- _Problem statement_:
Go through the data underneath and copy every line exactly.

- _Records shown_:
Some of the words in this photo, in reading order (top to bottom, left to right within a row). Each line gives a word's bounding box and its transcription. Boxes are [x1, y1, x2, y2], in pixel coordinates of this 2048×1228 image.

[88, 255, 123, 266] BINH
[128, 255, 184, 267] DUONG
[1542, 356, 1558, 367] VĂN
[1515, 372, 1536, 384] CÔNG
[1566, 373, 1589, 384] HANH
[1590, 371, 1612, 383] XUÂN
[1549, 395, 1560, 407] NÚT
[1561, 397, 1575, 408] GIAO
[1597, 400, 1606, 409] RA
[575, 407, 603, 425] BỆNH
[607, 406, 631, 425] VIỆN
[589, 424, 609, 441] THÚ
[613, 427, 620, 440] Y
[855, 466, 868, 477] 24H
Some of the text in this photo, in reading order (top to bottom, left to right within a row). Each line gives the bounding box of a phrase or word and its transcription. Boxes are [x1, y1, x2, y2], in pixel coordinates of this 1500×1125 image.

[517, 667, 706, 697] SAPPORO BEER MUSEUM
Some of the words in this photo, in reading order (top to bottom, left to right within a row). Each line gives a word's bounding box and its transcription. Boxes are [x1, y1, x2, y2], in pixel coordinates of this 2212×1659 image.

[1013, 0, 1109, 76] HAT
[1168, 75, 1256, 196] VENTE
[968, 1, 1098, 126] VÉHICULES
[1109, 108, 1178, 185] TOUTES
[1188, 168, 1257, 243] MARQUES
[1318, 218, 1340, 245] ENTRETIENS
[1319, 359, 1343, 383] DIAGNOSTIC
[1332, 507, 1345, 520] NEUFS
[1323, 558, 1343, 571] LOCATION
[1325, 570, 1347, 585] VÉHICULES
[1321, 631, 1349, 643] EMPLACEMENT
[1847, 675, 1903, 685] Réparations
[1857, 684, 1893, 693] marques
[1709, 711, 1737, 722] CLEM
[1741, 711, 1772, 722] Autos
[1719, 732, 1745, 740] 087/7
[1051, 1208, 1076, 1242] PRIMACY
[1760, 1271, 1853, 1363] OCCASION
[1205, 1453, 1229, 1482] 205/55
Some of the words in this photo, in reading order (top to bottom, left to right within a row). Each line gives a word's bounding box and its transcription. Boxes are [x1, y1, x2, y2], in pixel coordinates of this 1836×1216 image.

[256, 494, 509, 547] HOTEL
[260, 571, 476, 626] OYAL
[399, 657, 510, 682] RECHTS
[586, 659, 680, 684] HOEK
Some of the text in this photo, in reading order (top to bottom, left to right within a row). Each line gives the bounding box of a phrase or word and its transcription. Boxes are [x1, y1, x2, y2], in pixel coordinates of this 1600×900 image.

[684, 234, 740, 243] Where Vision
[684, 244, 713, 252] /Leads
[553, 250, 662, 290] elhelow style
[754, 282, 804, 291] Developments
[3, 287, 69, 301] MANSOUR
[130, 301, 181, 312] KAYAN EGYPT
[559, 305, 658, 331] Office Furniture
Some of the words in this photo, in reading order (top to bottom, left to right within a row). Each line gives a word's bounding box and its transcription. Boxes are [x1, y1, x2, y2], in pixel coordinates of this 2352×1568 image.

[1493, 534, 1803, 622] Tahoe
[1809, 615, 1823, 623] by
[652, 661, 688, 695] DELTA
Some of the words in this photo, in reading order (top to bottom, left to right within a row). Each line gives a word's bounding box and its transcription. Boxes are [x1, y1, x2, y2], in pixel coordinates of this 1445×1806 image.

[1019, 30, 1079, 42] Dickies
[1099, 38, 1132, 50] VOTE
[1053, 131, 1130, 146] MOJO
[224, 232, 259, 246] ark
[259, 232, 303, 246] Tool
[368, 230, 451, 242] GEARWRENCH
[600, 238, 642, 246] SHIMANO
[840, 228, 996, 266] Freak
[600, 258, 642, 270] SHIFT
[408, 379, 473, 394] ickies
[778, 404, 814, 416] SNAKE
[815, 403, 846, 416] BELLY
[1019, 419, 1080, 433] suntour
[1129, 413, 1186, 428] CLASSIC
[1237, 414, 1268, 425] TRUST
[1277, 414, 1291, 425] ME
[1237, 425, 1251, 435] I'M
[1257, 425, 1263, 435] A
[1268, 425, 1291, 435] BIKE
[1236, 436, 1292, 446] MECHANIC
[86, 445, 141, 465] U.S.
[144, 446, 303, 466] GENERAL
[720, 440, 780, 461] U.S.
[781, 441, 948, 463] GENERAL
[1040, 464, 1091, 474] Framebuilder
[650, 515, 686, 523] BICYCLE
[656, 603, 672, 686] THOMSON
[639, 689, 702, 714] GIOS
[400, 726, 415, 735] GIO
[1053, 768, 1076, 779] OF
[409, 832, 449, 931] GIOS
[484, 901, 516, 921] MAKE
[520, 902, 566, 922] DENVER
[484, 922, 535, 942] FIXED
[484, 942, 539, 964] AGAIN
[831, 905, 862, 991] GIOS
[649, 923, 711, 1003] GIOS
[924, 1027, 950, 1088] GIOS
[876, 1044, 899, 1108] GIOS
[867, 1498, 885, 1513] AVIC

- _Solution to this exercise_:
Some of the words in this photo, in reading order (top to bottom, left to right within a row). Each line gives a word's bounding box and its transcription. Boxes are [x1, y1, x2, y2], in pixel coordinates of this 2048×1228 image.

[88, 255, 123, 266] BINH
[128, 255, 184, 267] DUONG
[1542, 356, 1558, 367] VĂN
[1515, 372, 1536, 384] CÔNG
[1566, 373, 1589, 384] HANH
[1590, 371, 1612, 383] XUÂN
[1549, 395, 1560, 407] NÚT
[1561, 397, 1575, 408] GIAO
[1597, 400, 1606, 409] RA
[575, 407, 603, 425] BỆNH
[607, 406, 631, 425] VIỆN
[589, 424, 609, 441] THÚ
[613, 427, 620, 440] Y
[855, 466, 868, 477] 24H
Some of the text in this photo, in reading order (top to bottom, left to right within a row). Each line gives the bounding box of a phrase or word and its transcription. Boxes are [x1, y1, x2, y2], in pixel coordinates of this 1500×1125 image.

[517, 667, 706, 697] SAPPORO BEER MUSEUM
Some of the words in this photo, in reading order (top to bottom, left to right within a row). Each line gives a word's bounding box and its transcription. Boxes are [x1, y1, x2, y2], in pixel coordinates of this 2212×1659 image.

[1013, 0, 1109, 76] HAT
[1168, 75, 1256, 196] VENTE
[968, 1, 1098, 126] VÉHICULES
[1109, 108, 1178, 185] TOUTES
[1188, 168, 1257, 243] MARQUES
[1318, 218, 1340, 245] ENTRETIENS
[1319, 359, 1343, 383] DIAGNOSTIC
[1332, 507, 1345, 520] NEUFS
[1323, 558, 1343, 571] LOCATION
[1325, 570, 1347, 585] VÉHICULES
[1321, 631, 1349, 643] EMPLACEMENT
[1847, 675, 1903, 685] Réparations
[1857, 684, 1893, 693] marques
[1709, 711, 1737, 722] CLEM
[1741, 711, 1772, 722] Autos
[1719, 732, 1745, 740] 087/7
[1051, 1208, 1076, 1242] PRIMACY
[1760, 1271, 1853, 1363] OCCASION
[1205, 1453, 1229, 1482] 205/55
Some of the words in this photo, in reading order (top to bottom, left to right within a row). Each line gives a word's bounding box and its transcription. Boxes are [x1, y1, x2, y2], in pixel coordinates of this 1836×1216 image.

[256, 494, 509, 547] HOTEL
[260, 571, 476, 626] OYAL
[399, 657, 510, 682] RECHTS
[586, 659, 680, 684] HOEK
Some of the text in this photo, in reading order (top to bottom, left to right within a row). Each line gives the bounding box of a phrase or word and its transcription. Boxes are [x1, y1, x2, y2], in pixel coordinates of this 1600×900 image.

[684, 234, 740, 243] Where Vision
[684, 244, 713, 252] /Leads
[553, 250, 662, 290] elhelow style
[754, 282, 804, 291] Developments
[3, 287, 69, 301] MANSOUR
[130, 301, 181, 312] KAYAN EGYPT
[559, 305, 658, 331] Office Furniture
Some of the words in this photo, in reading order (top to bottom, left to right within a row). Each line gives a word's bounding box and its transcription. Boxes are [x1, y1, x2, y2], in pixel coordinates of this 2352×1568 image.

[1493, 534, 1803, 622] Tahoe
[1809, 615, 1823, 623] by
[652, 661, 688, 695] DELTA
Some of the words in this photo, in reading order (top to bottom, left to right within a row). Each line gives a word's bounding box and its transcription. Boxes are [x1, y1, x2, y2], in pixel coordinates of this 1445×1806 image.

[1019, 30, 1079, 42] Dickies
[1099, 38, 1132, 50] VOTE
[1053, 131, 1130, 146] MOJO
[224, 232, 259, 246] ark
[259, 232, 303, 246] Tool
[368, 230, 451, 242] GEARWRENCH
[600, 238, 642, 246] SHIMANO
[840, 228, 996, 266] Freak
[600, 258, 642, 270] SHIFT
[408, 379, 473, 394] ickies
[778, 404, 814, 416] SNAKE
[815, 403, 846, 416] BELLY
[1019, 419, 1080, 433] suntour
[1129, 413, 1186, 428] CLASSIC
[1237, 414, 1268, 425] TRUST
[1277, 414, 1291, 425] ME
[1237, 425, 1251, 435] I'M
[1257, 425, 1263, 435] A
[1268, 425, 1291, 435] BIKE
[1236, 436, 1292, 446] MECHANIC
[86, 445, 141, 465] U.S.
[144, 446, 303, 466] GENERAL
[720, 440, 780, 461] U.S.
[781, 441, 948, 463] GENERAL
[1040, 464, 1091, 474] Framebuilder
[650, 515, 686, 523] BICYCLE
[656, 603, 672, 686] THOMSON
[639, 689, 702, 714] GIOS
[400, 726, 415, 735] GIO
[1053, 768, 1076, 779] OF
[409, 832, 449, 931] GIOS
[484, 901, 516, 921] MAKE
[520, 902, 566, 922] DENVER
[484, 922, 535, 942] FIXED
[484, 942, 539, 964] AGAIN
[831, 905, 862, 991] GIOS
[649, 923, 711, 1003] GIOS
[924, 1027, 950, 1088] GIOS
[876, 1044, 899, 1108] GIOS
[867, 1498, 885, 1513] AVIC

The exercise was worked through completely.